# Generating SQL for Postgres using Ollama, ChromaDB
This notebook runs through the process of using the `vanna` Python package to generate SQL using AI (RAG + LLMs) including connecting to a database and training.

## Setup

In [13]:
%pip install pandas ollama vanna chromadb postgres

Note: you may need to restart the kernel to use updated packages.


In [2]:
from vanna.ollama import Ollama
from vanna.chromadb import ChromaDB_VectorStore


In [4]:

class MyVanna(ChromaDB_VectorStore, Ollama):
    def __init__(self, config=None):
        ChromaDB_VectorStore.__init__(self, config=config)
        Ollama.__init__(self, config=config)

vn = MyVanna(config={'model': 'mistral'})


## Postgres Setup
- Install Postgres database on your machine
- import this sample database - https://www.postgresqltutorial.com/postgresql-getting-started/postgresql-sample-database/
- Change the next cell's user name/password according to your setup

In [5]:
# set these properties according to your database setup
vn.connect_to_postgres(host='localhost', dbname='dvdrental', user='postgres', password='password', port='5432')


## Training
You only need to train once. Do not train again unless you want to add more training data.

In [6]:

# gather the database schema definitions 
df_information_schema = vn.run_sql("SELECT * FROM INFORMATION_SCHEMA.COLUMNS")

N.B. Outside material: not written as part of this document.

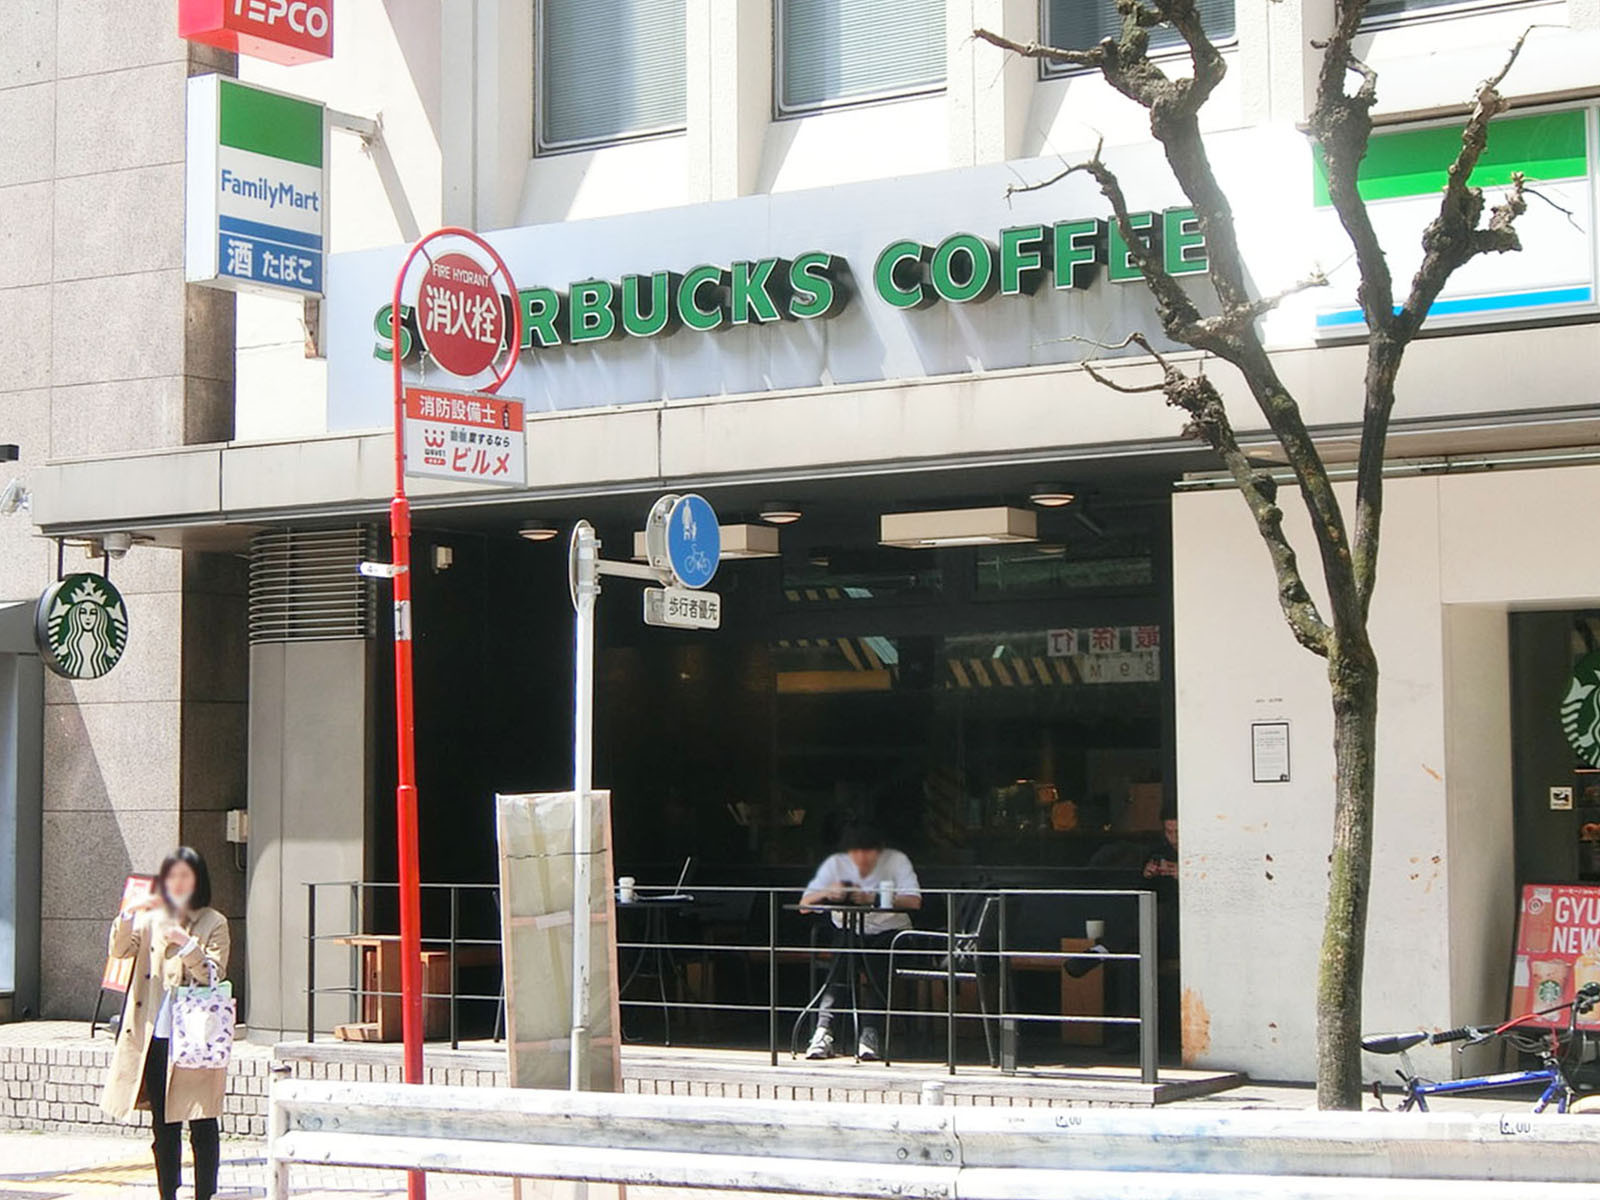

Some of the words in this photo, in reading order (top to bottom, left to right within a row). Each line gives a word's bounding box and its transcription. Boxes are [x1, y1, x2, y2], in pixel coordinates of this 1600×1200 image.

# This will break up the information schema into bite-sized chunks that can be referenced by the LLM
plan = vn.get_training_plan_generic(df_information_schema)

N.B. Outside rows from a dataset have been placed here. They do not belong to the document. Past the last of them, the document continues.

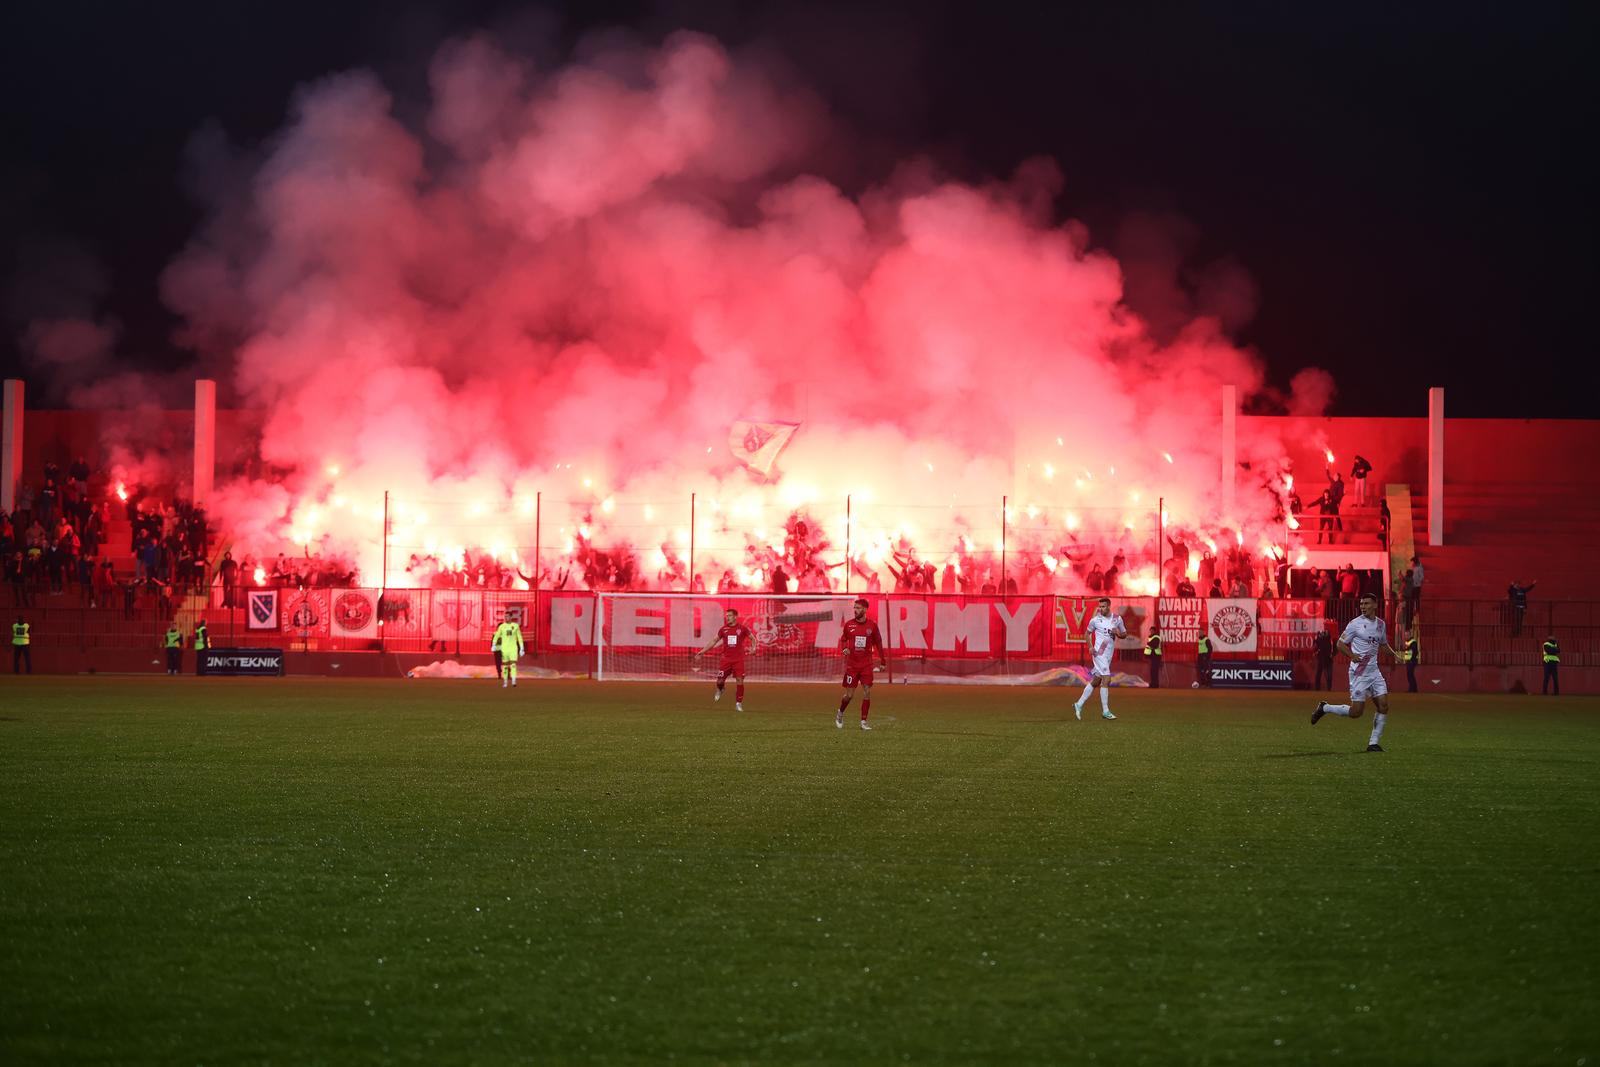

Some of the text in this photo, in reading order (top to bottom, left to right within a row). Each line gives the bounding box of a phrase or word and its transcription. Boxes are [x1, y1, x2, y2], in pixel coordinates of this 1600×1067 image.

[1158, 598, 1202, 612] AVANTI
[1264, 600, 1321, 617] VFC
[550, 597, 1043, 653] RED ARMY
[1158, 612, 1200, 628] VELEŽ
[1277, 619, 1309, 632] THE
[1263, 635, 1317, 649] RELIGIO
[1211, 668, 1292, 681] ZINKTEKNIK
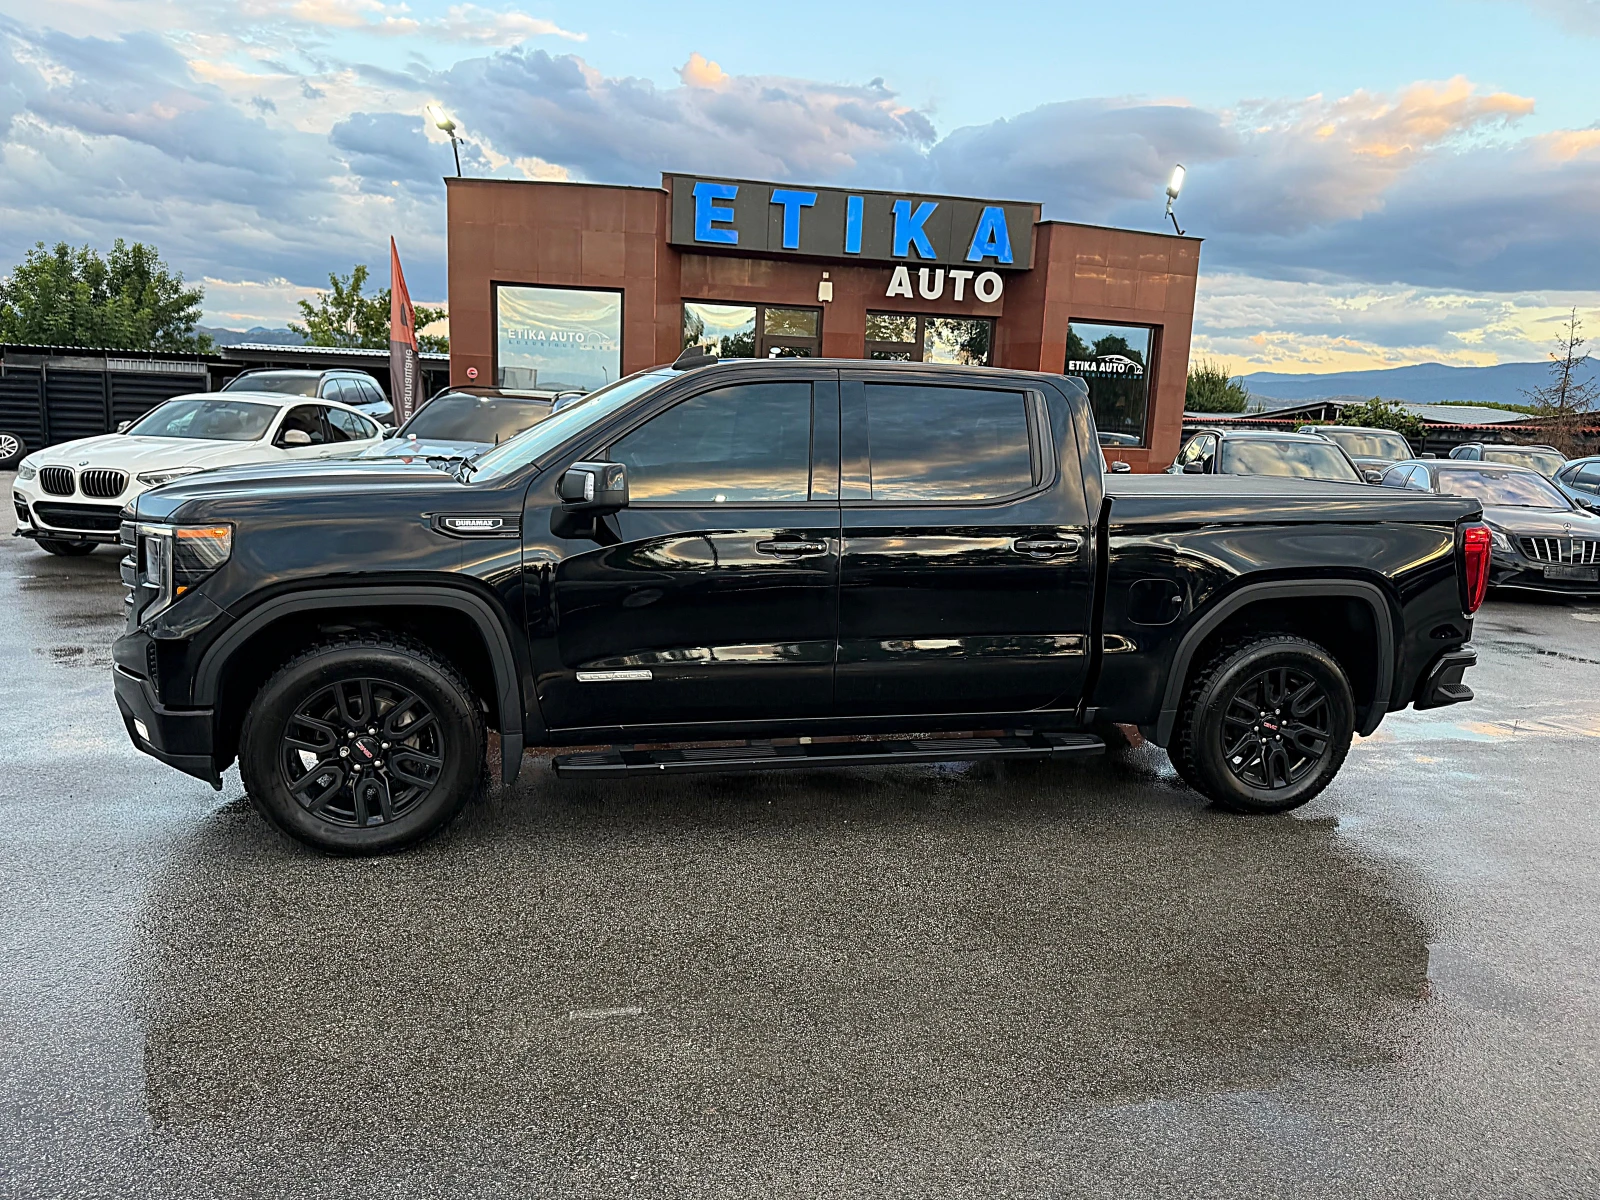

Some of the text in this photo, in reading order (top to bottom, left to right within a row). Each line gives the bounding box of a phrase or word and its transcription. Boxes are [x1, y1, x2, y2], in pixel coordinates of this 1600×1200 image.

[692, 182, 1014, 264] ETIKA
[886, 266, 1004, 303] AUTO
[508, 328, 585, 343] ETIKA AUTO
[1068, 360, 1126, 373] ETIKA AUTO

# train the model with the schema information
vn.train(plan=plan)



In [7]:

# The following are methods for adding training data. Make sure you modify the examples to match your database.

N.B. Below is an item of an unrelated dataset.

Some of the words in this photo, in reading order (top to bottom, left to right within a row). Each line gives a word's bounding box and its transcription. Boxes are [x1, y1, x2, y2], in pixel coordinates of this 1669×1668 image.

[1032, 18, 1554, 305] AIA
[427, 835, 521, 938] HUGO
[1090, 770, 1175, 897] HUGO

# DDL statements are powerful because they specify table names, colume names, types, and potentially relationships
vn.train(ddl="""
CREATE TABLE public.film (
	film_id serial4 NOT NULL,
	title varchar(255) NOT NULL,
	description text NULL,
	release_year public."year" NULL,
	language_id int2 NOT NULL,
	rental_duration int2 DEFAULT 3 NOT NULL,
	rental_rate numeric(4, 2) DEFAULT 4.99 NOT NULL,
	length int2 NULL,
	replacement_cost numeric(5, 2) DEFAULT 19.99 NOT NULL,
	rating public.mpaa_rating DEFAULT 'G'::mpaa_rating NULL,
	last_update timestamp DEFAULT now() NOT NULL,
	special_features _text NULL,
	fulltext tsvector NOT NULL,
	CONSTRAINT film_pkey PRIMARY KEY (film_id)
);
CREATE INDEX film_fulltext_idx ON public.film USING gist (fulltext);
CREATE INDEX idx_fk_language_id ON public.film USING btree (language_id);
CREATE INDEX idx_title ON public.film USING btree (title);


create trigger film_fulltext_trigger before
insert
    or
update
    on
    public.film for each row execute function tsvector_update_trigger('fulltext',
    'pg_catalog.english',
    'title',
    'description');
create trigger last_updated before
update
    on
    public.film for each row execute function last_updated();

ALTER TABLE public.film ADD CONSTRAINT film_language_id_fkey FOREIGN KEY (language_id) REFERENCES public."language"(language_id) ON DELETE RESTRICT ON UPDATE CASCADE;
""")

# Sometimes you may want to add documentation about your business terminology or definitions.
vn.train(documentation="The films table stores film data such as title, release year, length, rating, etc.")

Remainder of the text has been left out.